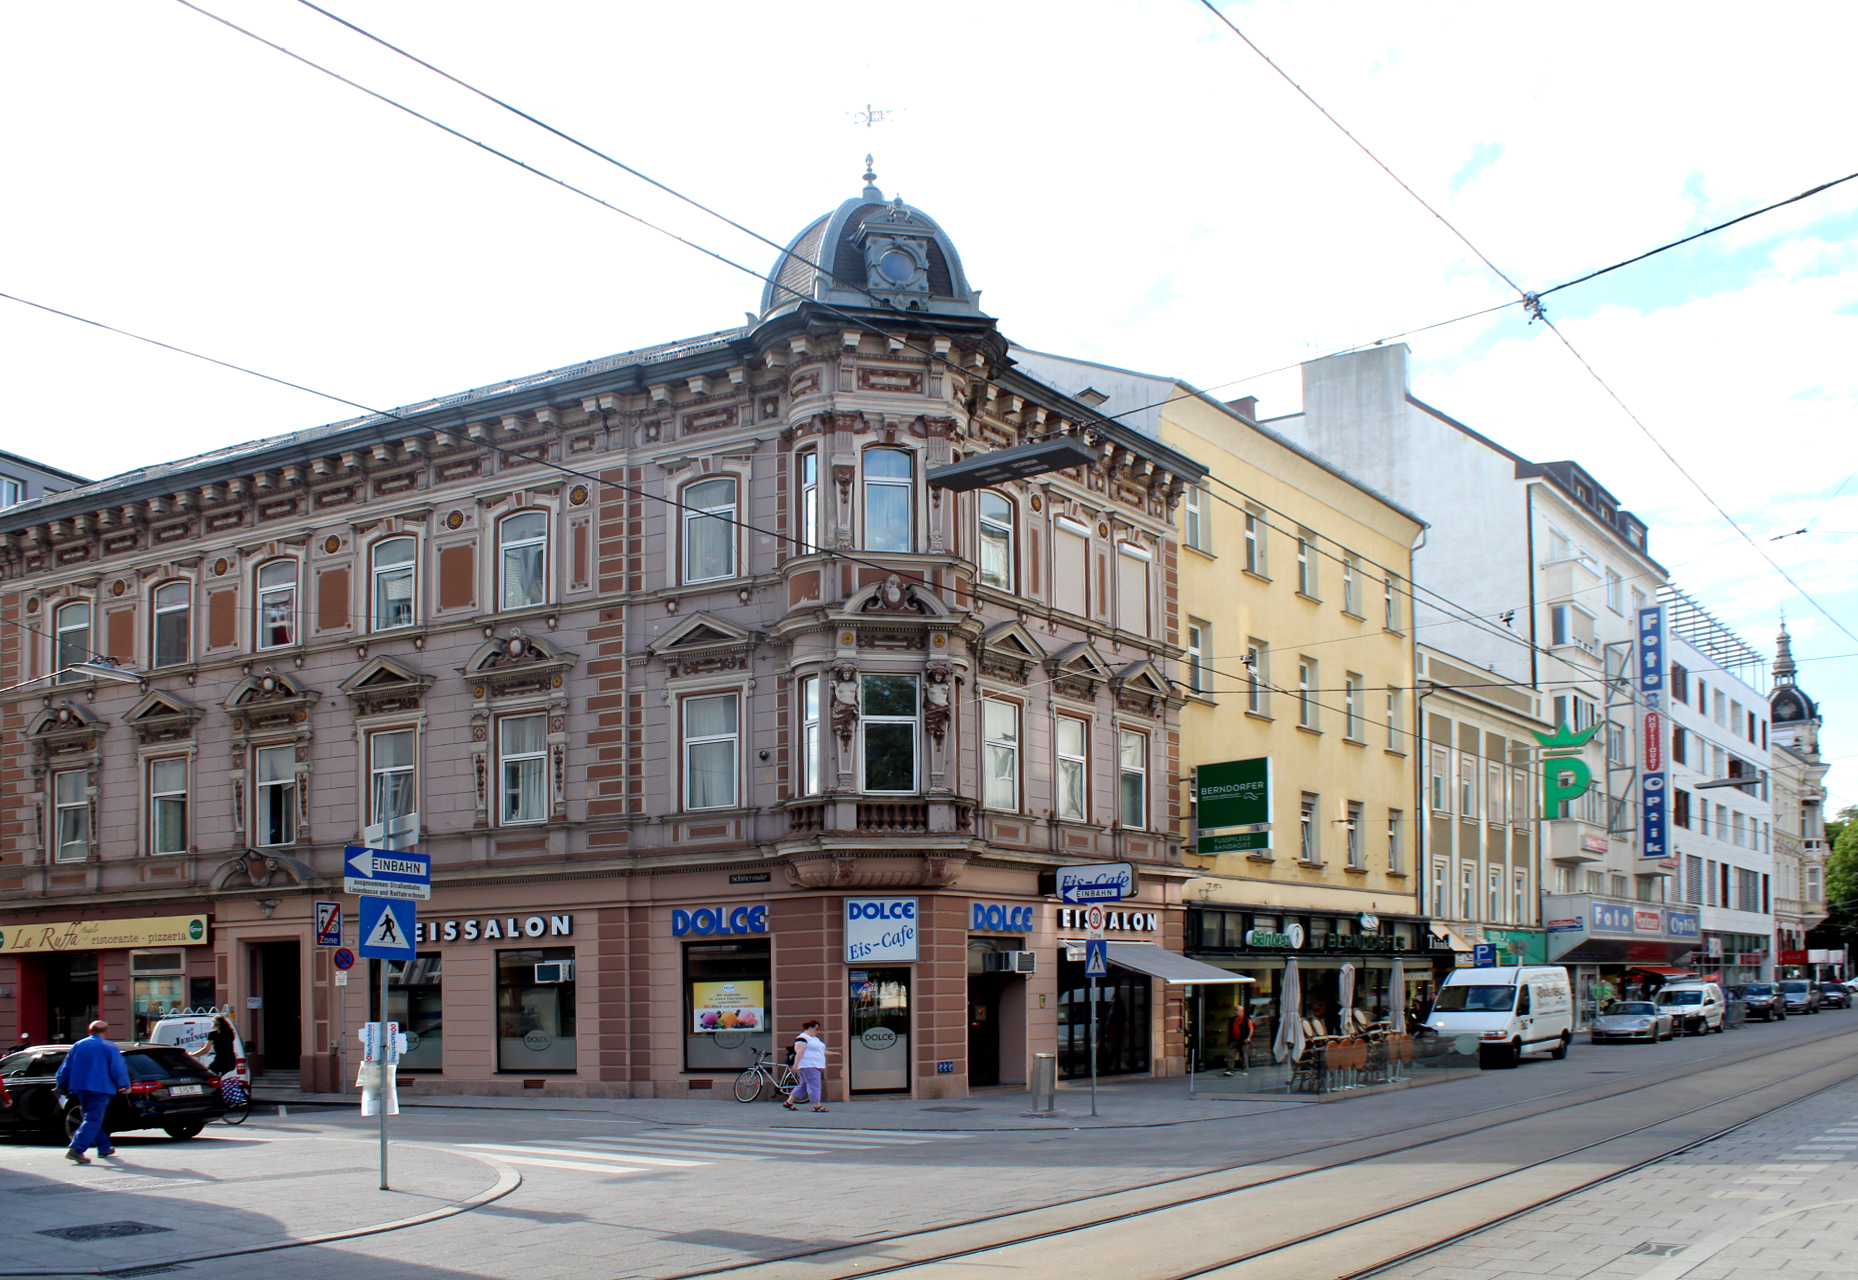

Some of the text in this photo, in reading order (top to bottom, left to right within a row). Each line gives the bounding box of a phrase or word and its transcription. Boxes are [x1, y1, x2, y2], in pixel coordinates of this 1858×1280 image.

[1641, 612, 1660, 686] Foto
[1647, 714, 1657, 770] Hartlauer
[1201, 781, 1264, 795] BERNDORFER
[1643, 777, 1664, 853] Optik
[1214, 834, 1251, 843] FUSSPFLEGE
[1214, 841, 1251, 850] BANDAGIST
[372, 858, 421, 874] EINBAHN
[349, 886, 378, 895] Linienbusse
[353, 879, 389, 888] ausgenommen
[1076, 889, 1113, 898] EINBAHN
[849, 902, 915, 920] DOLCE
[973, 902, 1033, 932] DOLCE
[1092, 912, 1099, 924] 30
[1594, 906, 1630, 928] Foto
[415, 915, 571, 942] EISSALON
[671, 904, 768, 937] DOLCE
[1670, 916, 1697, 935] Optik
[11, 929, 34, 950] La
[39, 921, 82, 950] Ruffa
[91, 930, 139, 945] ristorante
[148, 932, 187, 944] pizzeria
[320, 935, 338, 944] Zone
[849, 924, 915, 960] Eis-Cafe
[1252, 930, 1290, 947] Ganter
[1477, 945, 1490, 960] P
[526, 1036, 549, 1044] DOLCE
[865, 1033, 894, 1041] DOLCE
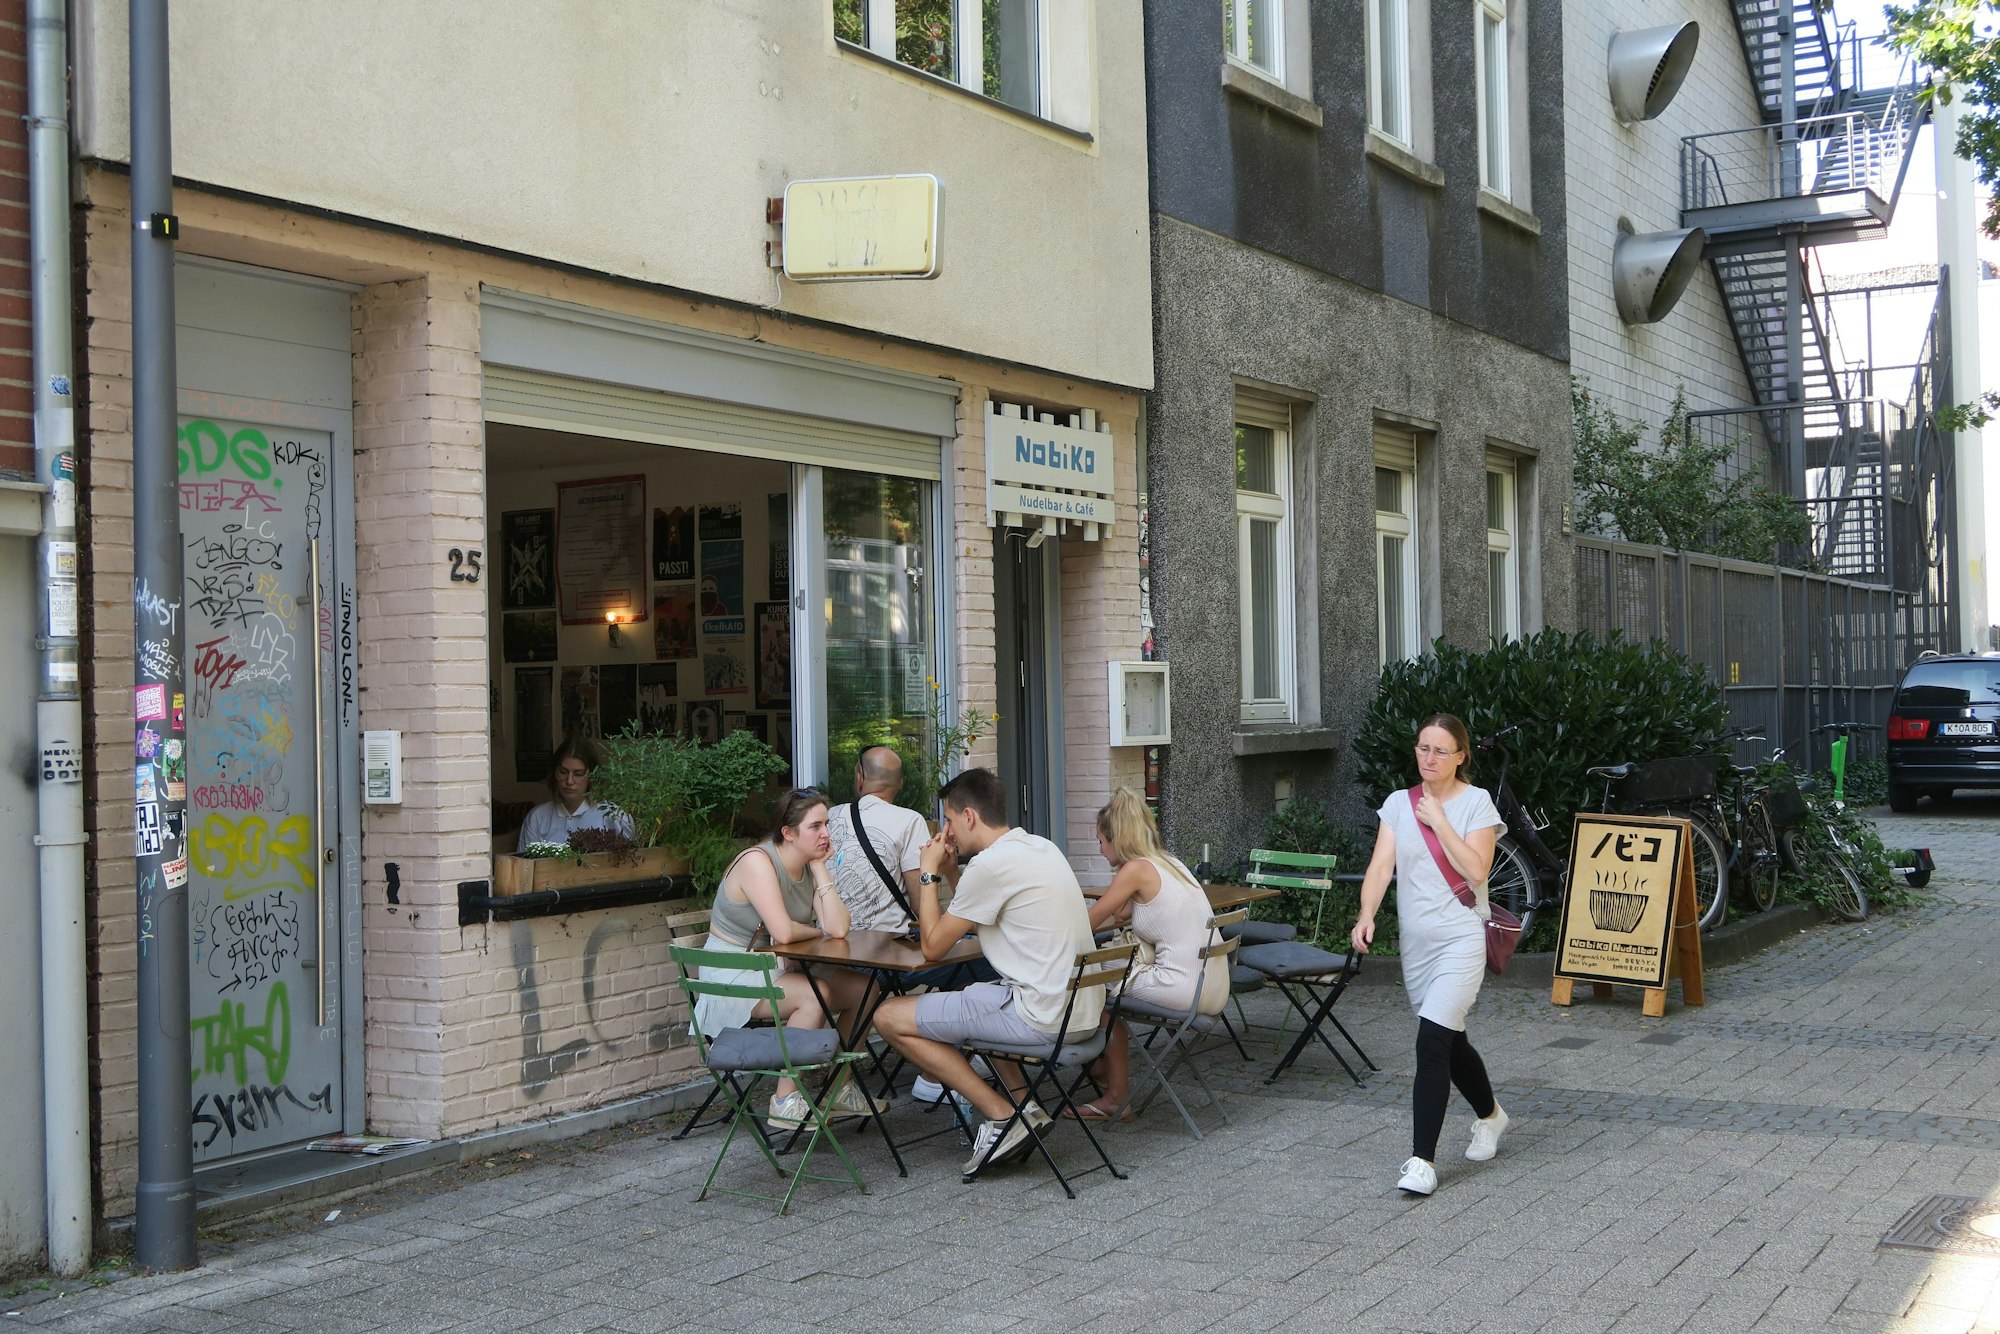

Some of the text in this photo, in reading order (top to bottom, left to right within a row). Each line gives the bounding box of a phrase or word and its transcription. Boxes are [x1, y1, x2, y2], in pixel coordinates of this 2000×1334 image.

[163, 217, 170, 235] 1
[1019, 494, 1094, 516] Nudelbar & Café
[448, 548, 482, 583] 25
[658, 560, 690, 575] PASST!
[1947, 724, 1954, 734] K
[1971, 724, 1989, 733] 805
[1590, 832, 1662, 863] ノビコ
[1612, 943, 1658, 956] Nudelbar

==*==

Work required =>
From the line containing "this 2000×1334 image." to the final line of the entries, print every line exactly and nothing else.

Task output =>
Some of the text in this photo, in reading order (top to bottom, left to right within a row). Each line gives the bounding box of a phrase or word and its transcription. Boxes are [x1, y1, x2, y2], in pixel coordinates of this 2000×1334 image.

[163, 217, 170, 235] 1
[1019, 494, 1094, 516] Nudelbar & Café
[448, 548, 482, 583] 25
[658, 560, 690, 575] PASST!
[1947, 724, 1954, 734] K
[1971, 724, 1989, 733] 805
[1590, 832, 1662, 863] ノビコ
[1612, 943, 1658, 956] Nudelbar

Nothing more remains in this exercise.